Just looking for some feedback from Snort users....

I've created an application that takes the alerts generated by Snort and 
extracts them from a MS SQL DB and fairly accurately plots them to a visual 
mapping software.  The mapping capabilities allow the user to choose between 
{global, continent, country, state, or city and/or street depending on 
satellite coverage in that area -- see attachment} levels to help 
identify/monitor packet communications by implementing satellite imagery.
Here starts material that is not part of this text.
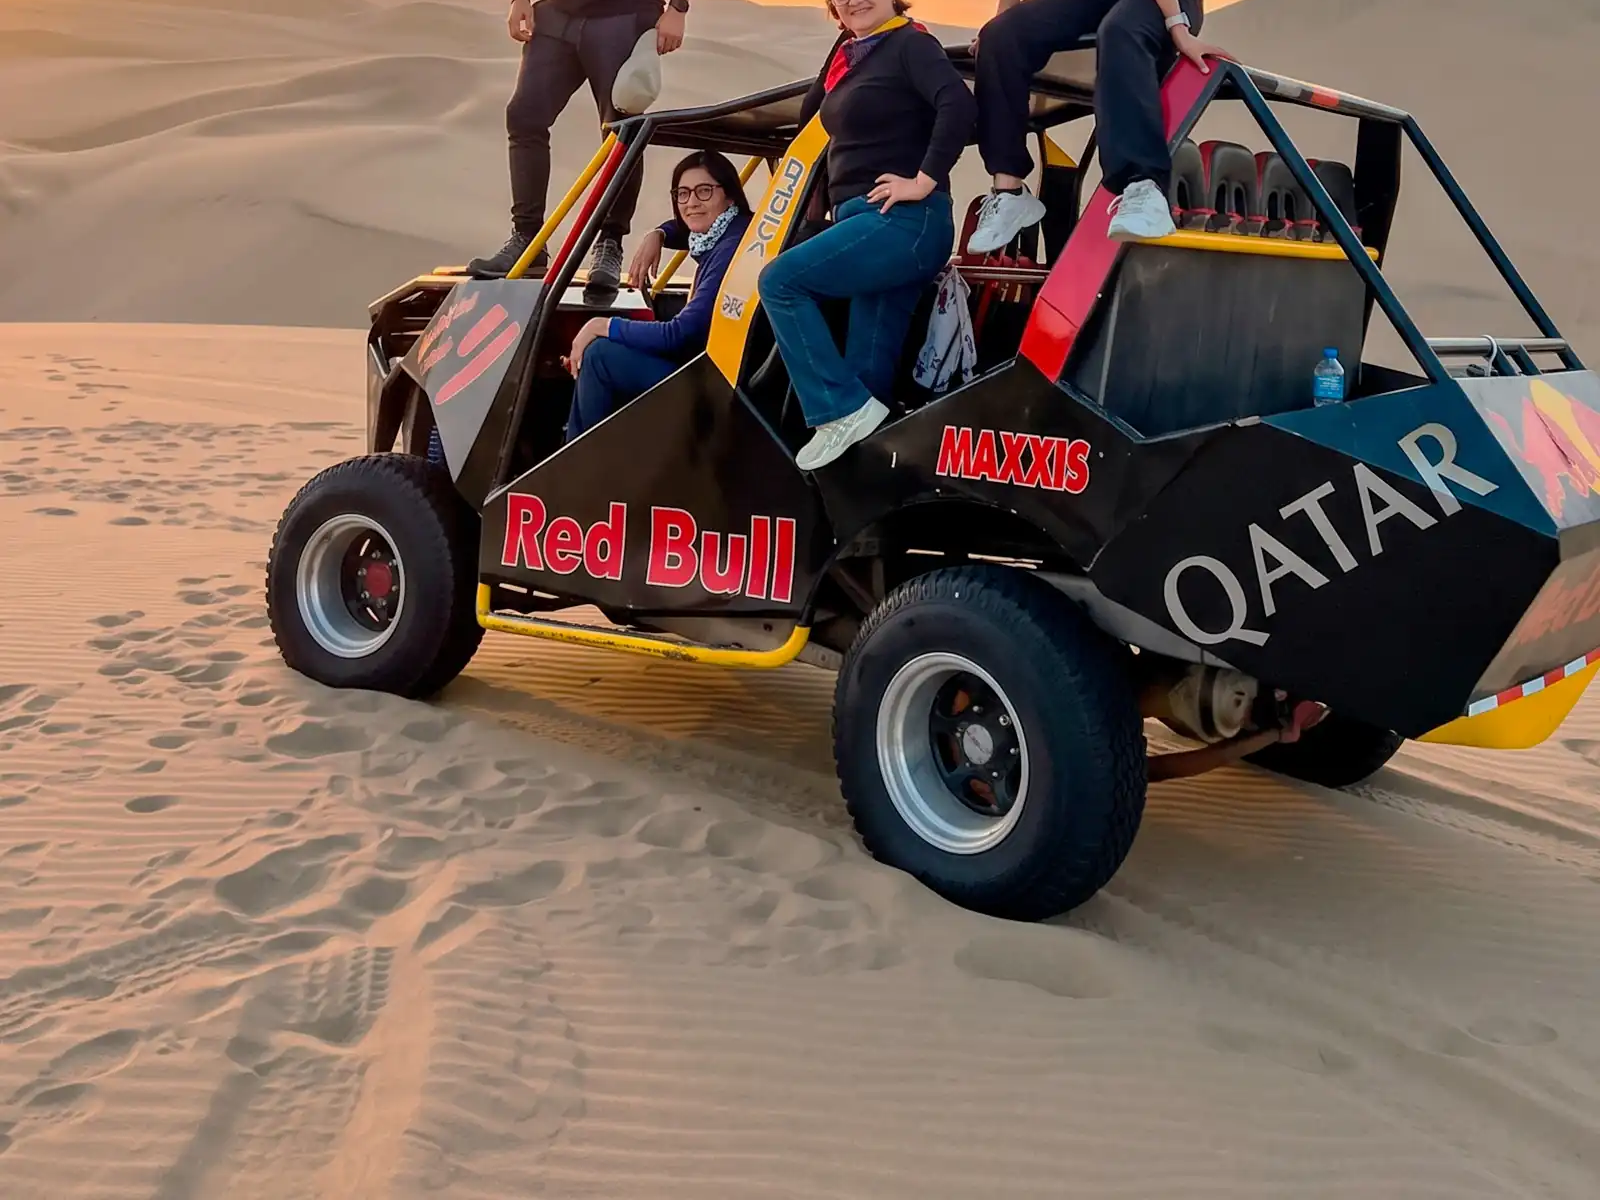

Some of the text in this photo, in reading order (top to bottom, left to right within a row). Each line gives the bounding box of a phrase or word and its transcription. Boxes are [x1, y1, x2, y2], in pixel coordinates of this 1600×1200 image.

[936, 425, 1091, 494] MAXXIS
[501, 492, 796, 603] Red Bull
[1163, 422, 1499, 647] QATAR
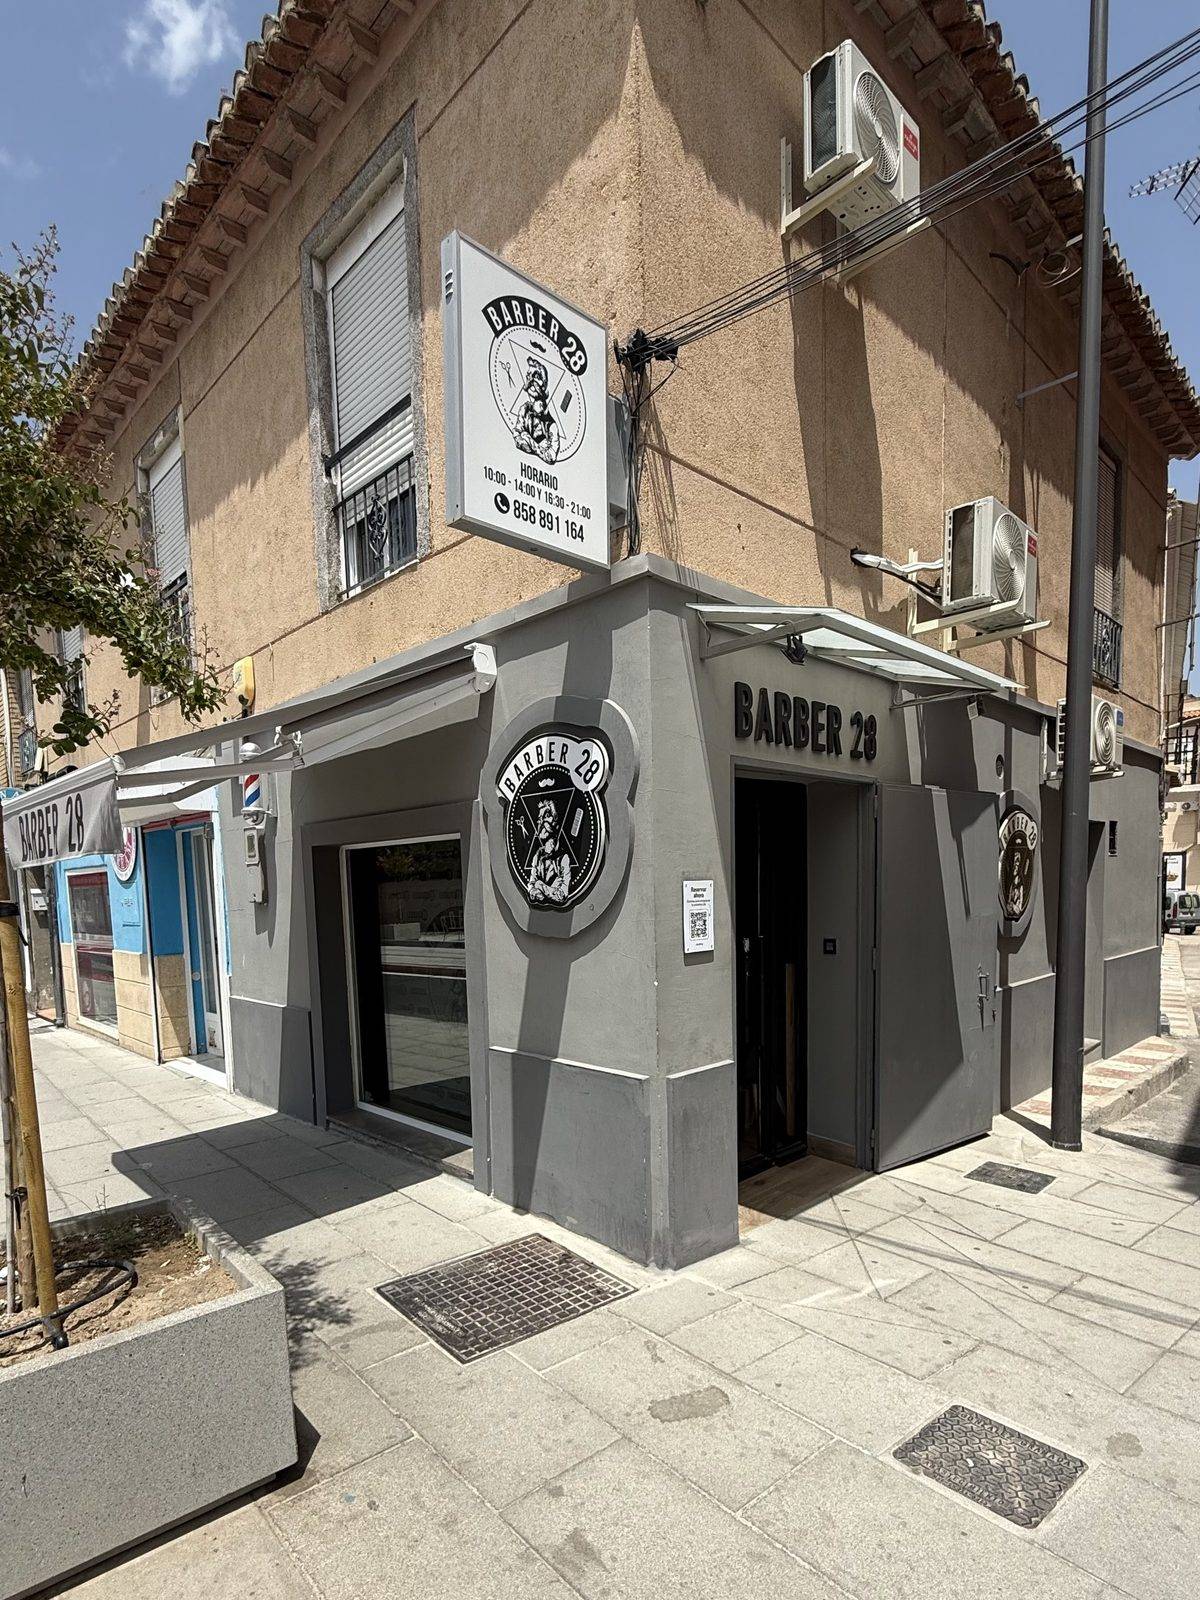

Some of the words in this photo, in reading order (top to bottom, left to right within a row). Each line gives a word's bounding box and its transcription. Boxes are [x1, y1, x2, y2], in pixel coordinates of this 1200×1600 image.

The mapping display also has several distinct visual aids to help users 
differentiate between priority 1-5 alerts, packet protocol (TCP/ICMP/UDP), 
color codes the node depending on the time relation of the alert (bold red 
just occurred whereas light red occurred xxx hours ago), checks the source 
IP against well known proxy servers, and also gives the source local time of 
the attack (a vitial piece of information I rarely see in IDS).  The 
attached screen capture will give you a better idea.  It's an older screen 
capture and very specific as it only shows a single alert but you get the 
idea.

The product's development stemmed from the fact that tcpdumps and alert 
headers are extremely informative to that specific packet.  But I wanted to 
focus more on the source of the packet...where are they geographically 
located?  what time is it there?  is there any kind of group attack (now 
that cell phones and broadband are mainstream...attacks can be (and are) a 
joint effort)?

I know it sounds a lot like traceroute and IP trace...but it's much faster 
and is automated to give the user the ability to monitor "real-time" 
(refresh view every 5 seconds) or give it a date range (give me all alerts 
in the past 30 days) and of course interfaces with our favorite IDS -- 
SNORT.

This application is currently nameless (any ideas???) and is currently 
running in a windows environment (all you NIX'rs stopping boo-ing...I'm 
being forced to use that environment because of work restrictions).  I know 
several other proprietary IDSs have this capability but I've never come 
across Snort having this capability.  Has anyone else?  (I hope not because 
then I just wasted countless hours of work)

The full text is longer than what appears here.